» DATA IN THIS EXERCISE:
+ + + + +

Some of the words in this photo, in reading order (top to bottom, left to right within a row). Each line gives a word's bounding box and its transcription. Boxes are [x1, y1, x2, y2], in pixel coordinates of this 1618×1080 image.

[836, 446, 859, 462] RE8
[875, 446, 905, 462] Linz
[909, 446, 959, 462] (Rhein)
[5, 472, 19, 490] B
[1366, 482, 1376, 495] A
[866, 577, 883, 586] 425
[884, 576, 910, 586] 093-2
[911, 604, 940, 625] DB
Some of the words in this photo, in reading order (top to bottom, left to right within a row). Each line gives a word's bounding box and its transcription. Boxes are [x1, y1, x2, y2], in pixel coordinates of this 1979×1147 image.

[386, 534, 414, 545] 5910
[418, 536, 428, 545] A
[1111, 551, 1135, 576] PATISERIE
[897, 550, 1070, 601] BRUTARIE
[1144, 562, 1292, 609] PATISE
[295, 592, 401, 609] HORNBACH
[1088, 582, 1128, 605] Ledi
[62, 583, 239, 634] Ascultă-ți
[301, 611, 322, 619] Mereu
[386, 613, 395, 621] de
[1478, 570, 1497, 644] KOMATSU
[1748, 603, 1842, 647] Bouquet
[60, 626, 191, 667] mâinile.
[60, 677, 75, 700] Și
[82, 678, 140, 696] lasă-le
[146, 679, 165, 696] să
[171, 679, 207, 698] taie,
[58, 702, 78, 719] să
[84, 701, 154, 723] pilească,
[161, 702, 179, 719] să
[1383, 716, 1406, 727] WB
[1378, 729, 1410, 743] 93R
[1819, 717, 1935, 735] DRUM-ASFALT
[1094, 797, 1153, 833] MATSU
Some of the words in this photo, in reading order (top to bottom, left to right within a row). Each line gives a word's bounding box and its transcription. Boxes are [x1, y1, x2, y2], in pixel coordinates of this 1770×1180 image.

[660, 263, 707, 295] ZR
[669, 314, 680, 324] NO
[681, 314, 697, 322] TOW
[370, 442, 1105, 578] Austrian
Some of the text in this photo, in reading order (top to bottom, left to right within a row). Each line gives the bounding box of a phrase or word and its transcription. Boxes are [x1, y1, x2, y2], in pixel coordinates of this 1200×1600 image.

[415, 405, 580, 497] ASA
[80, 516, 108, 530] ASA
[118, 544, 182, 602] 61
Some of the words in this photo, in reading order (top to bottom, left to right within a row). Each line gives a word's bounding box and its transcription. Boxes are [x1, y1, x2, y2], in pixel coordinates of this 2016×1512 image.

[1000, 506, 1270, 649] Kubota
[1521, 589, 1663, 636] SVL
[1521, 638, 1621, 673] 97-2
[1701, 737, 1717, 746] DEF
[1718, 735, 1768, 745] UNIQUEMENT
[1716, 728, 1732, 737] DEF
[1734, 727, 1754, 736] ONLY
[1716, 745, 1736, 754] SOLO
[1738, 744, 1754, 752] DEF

+ + + + +

» HOW TO COMPLETE THIS TASK:
Return the records exactly, character for character.

» RESULT FOR THIS TASK:
Some of the words in this photo, in reading order (top to bottom, left to right within a row). Each line gives a word's bounding box and its transcription. Boxes are [x1, y1, x2, y2], in pixel coordinates of this 1618×1080 image.

[836, 446, 859, 462] RE8
[875, 446, 905, 462] Linz
[909, 446, 959, 462] (Rhein)
[5, 472, 19, 490] B
[1366, 482, 1376, 495] A
[866, 577, 883, 586] 425
[884, 576, 910, 586] 093-2
[911, 604, 940, 625] DB
Some of the words in this photo, in reading order (top to bottom, left to right within a row). Each line gives a word's bounding box and its transcription. Boxes are [x1, y1, x2, y2], in pixel coordinates of this 1979×1147 image.

[386, 534, 414, 545] 5910
[418, 536, 428, 545] A
[1111, 551, 1135, 576] PATISERIE
[897, 550, 1070, 601] BRUTARIE
[1144, 562, 1292, 609] PATISE
[295, 592, 401, 609] HORNBACH
[1088, 582, 1128, 605] Ledi
[62, 583, 239, 634] Ascultă-ți
[301, 611, 322, 619] Mereu
[386, 613, 395, 621] de
[1478, 570, 1497, 644] KOMATSU
[1748, 603, 1842, 647] Bouquet
[60, 626, 191, 667] mâinile.
[60, 677, 75, 700] Și
[82, 678, 140, 696] lasă-le
[146, 679, 165, 696] să
[171, 679, 207, 698] taie,
[58, 702, 78, 719] să
[84, 701, 154, 723] pilească,
[161, 702, 179, 719] să
[1383, 716, 1406, 727] WB
[1378, 729, 1410, 743] 93R
[1819, 717, 1935, 735] DRUM-ASFALT
[1094, 797, 1153, 833] MATSU
Some of the words in this photo, in reading order (top to bottom, left to right within a row). Each line gives a word's bounding box and its transcription. Boxes are [x1, y1, x2, y2], in pixel coordinates of this 1770×1180 image.

[660, 263, 707, 295] ZR
[669, 314, 680, 324] NO
[681, 314, 697, 322] TOW
[370, 442, 1105, 578] Austrian
Some of the text in this photo, in reading order (top to bottom, left to right within a row). Each line gives the bounding box of a phrase or word and its transcription. Boxes are [x1, y1, x2, y2], in pixel coordinates of this 1200×1600 image.

[415, 405, 580, 497] ASA
[80, 516, 108, 530] ASA
[118, 544, 182, 602] 61
Some of the words in this photo, in reading order (top to bottom, left to right within a row). Each line gives a word's bounding box and its transcription. Boxes are [x1, y1, x2, y2], in pixel coordinates of this 2016×1512 image.

[1000, 506, 1270, 649] Kubota
[1521, 589, 1663, 636] SVL
[1521, 638, 1621, 673] 97-2
[1701, 737, 1717, 746] DEF
[1718, 735, 1768, 745] UNIQUEMENT
[1716, 728, 1732, 737] DEF
[1734, 727, 1754, 736] ONLY
[1716, 745, 1736, 754] SOLO
[1738, 744, 1754, 752] DEF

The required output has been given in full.